PHOTO | CRITIQUE

Corps en résistance

PFrançois Salmeron
@16 Juil 2015

Contre quoi les corps que photographie Valérie Jouve entrent-ils «en résistance»? Contre les cadres, les normes et les environnements qui les catégorisent, les policent, les déterminent, et par là-même les contraignent, les aliènent… et ne se rendent pas suffisamment attentifs à ce qui constitue leur irréductible unicité.

«A travers l’image, je tente de déjouer les réponses, d’ébranler les explications logiques des sciences humaines, mais aussi de créer un rapport moins figé au monde.» Voici en quels termes Valérie Jouve rappelle brillamment les enjeux essentiels de son œuvre, telle qu’elle se déploie depuis une vingtaine d’années désormais.
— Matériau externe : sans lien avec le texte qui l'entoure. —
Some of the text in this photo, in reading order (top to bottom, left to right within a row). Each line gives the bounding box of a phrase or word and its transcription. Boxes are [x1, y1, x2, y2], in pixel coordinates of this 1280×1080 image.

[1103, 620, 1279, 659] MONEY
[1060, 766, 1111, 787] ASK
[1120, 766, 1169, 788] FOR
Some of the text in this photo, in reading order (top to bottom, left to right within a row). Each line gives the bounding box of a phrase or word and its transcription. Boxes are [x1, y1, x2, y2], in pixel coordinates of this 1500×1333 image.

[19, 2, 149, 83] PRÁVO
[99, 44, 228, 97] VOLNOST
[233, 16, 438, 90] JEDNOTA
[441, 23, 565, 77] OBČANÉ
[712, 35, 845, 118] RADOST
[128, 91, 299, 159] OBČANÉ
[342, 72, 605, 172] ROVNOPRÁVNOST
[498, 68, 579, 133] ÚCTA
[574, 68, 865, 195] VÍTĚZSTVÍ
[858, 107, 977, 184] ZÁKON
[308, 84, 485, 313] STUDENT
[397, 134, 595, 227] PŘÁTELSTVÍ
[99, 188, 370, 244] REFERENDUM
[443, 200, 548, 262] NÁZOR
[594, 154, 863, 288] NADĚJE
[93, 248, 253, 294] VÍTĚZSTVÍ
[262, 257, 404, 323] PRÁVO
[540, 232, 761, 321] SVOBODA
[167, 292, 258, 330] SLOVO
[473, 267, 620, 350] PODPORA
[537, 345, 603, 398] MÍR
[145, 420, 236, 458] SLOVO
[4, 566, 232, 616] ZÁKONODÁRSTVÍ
D’abord étudiante en anthropologie et en sociologie, Valérie Jouve intègre l’Ecole de Photographie d’Arles en 1987, et construit peu à peu un corpus d’images où transparaît une charge critique évidente à l’encontre des méthodologies et des concepts propres à ces disciplines.

En effet, contre quoi les corps qu’elle photographie entrent-ils «en résistance»? Contre les cadres, les normes et les environnements qui les catégorisent, les policent, les déterminent, et par là même les aliènent, et ne se rendent pas suffisamment attentifs à ce qui constitue leur irréductible unicité. D’ailleurs, l’exposition (dont l’accrochage est en tout point remarquable) s’ouvre sur une confrontation entre deux tendances à l’œuvre dans nos sociétés: d’un côté des corps plutôt rigides, stéréotypés, soumis aux contraintes sociales, d’un autre côté des corps plus libres, expressifs et individués.
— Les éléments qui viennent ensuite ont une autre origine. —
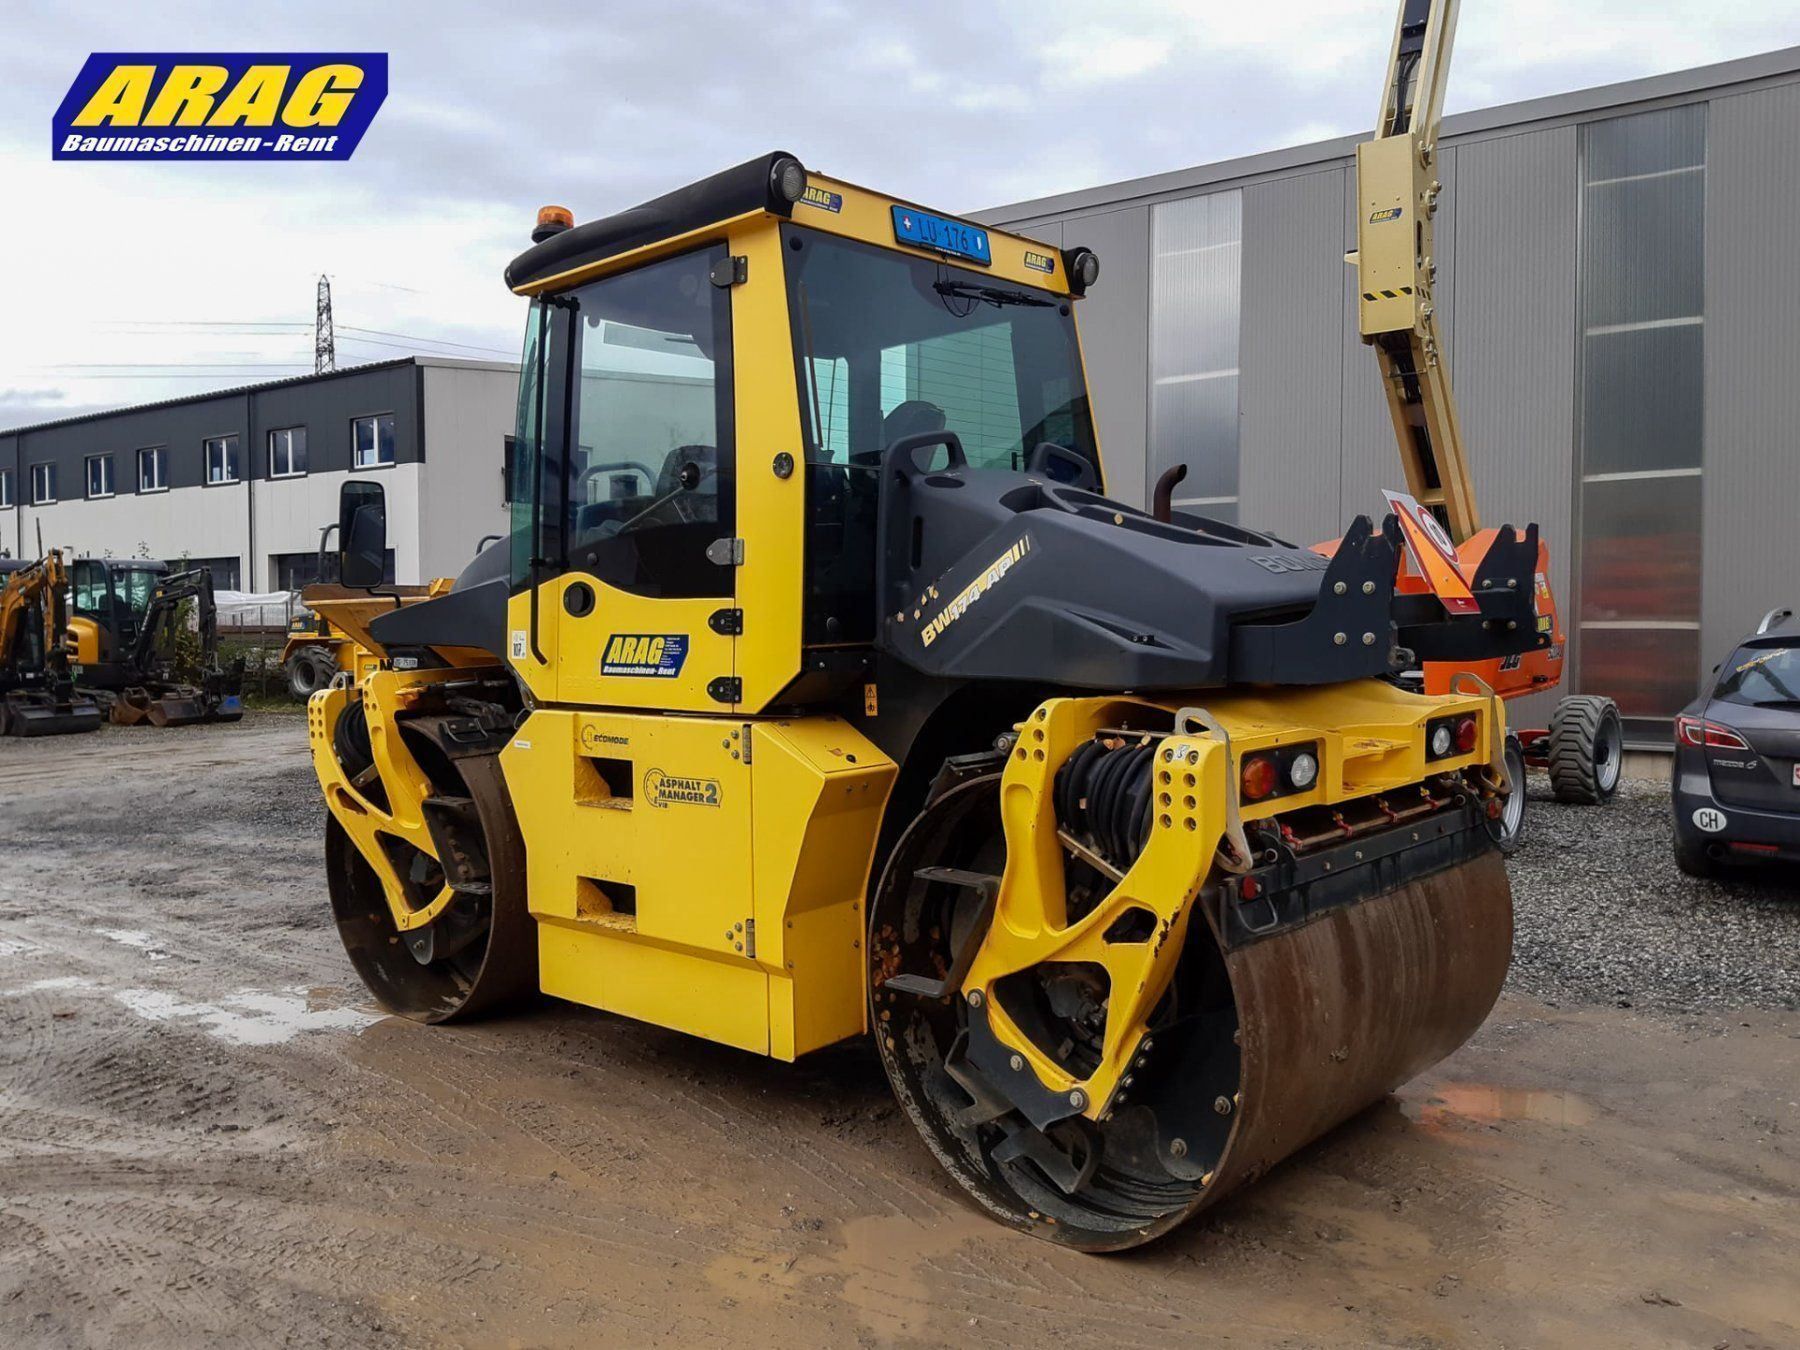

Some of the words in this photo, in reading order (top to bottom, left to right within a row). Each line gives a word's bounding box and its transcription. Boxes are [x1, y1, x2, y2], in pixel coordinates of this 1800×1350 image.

L’extrait des Situations que présente ici Valérie Jouve juxtapose des images d’embouteillages où les véhicules, collés les uns aux autres, provoquent un sentiment d’asphyxie, d’oppression. De plus, les conducteurs à bord restent relativement indéterminés, dans le sens où l’on a du mal à percevoir précisément leurs traits, et semblent évoluer comme des «monades» isolées les unes des autres, enfermées dans leur habitacle.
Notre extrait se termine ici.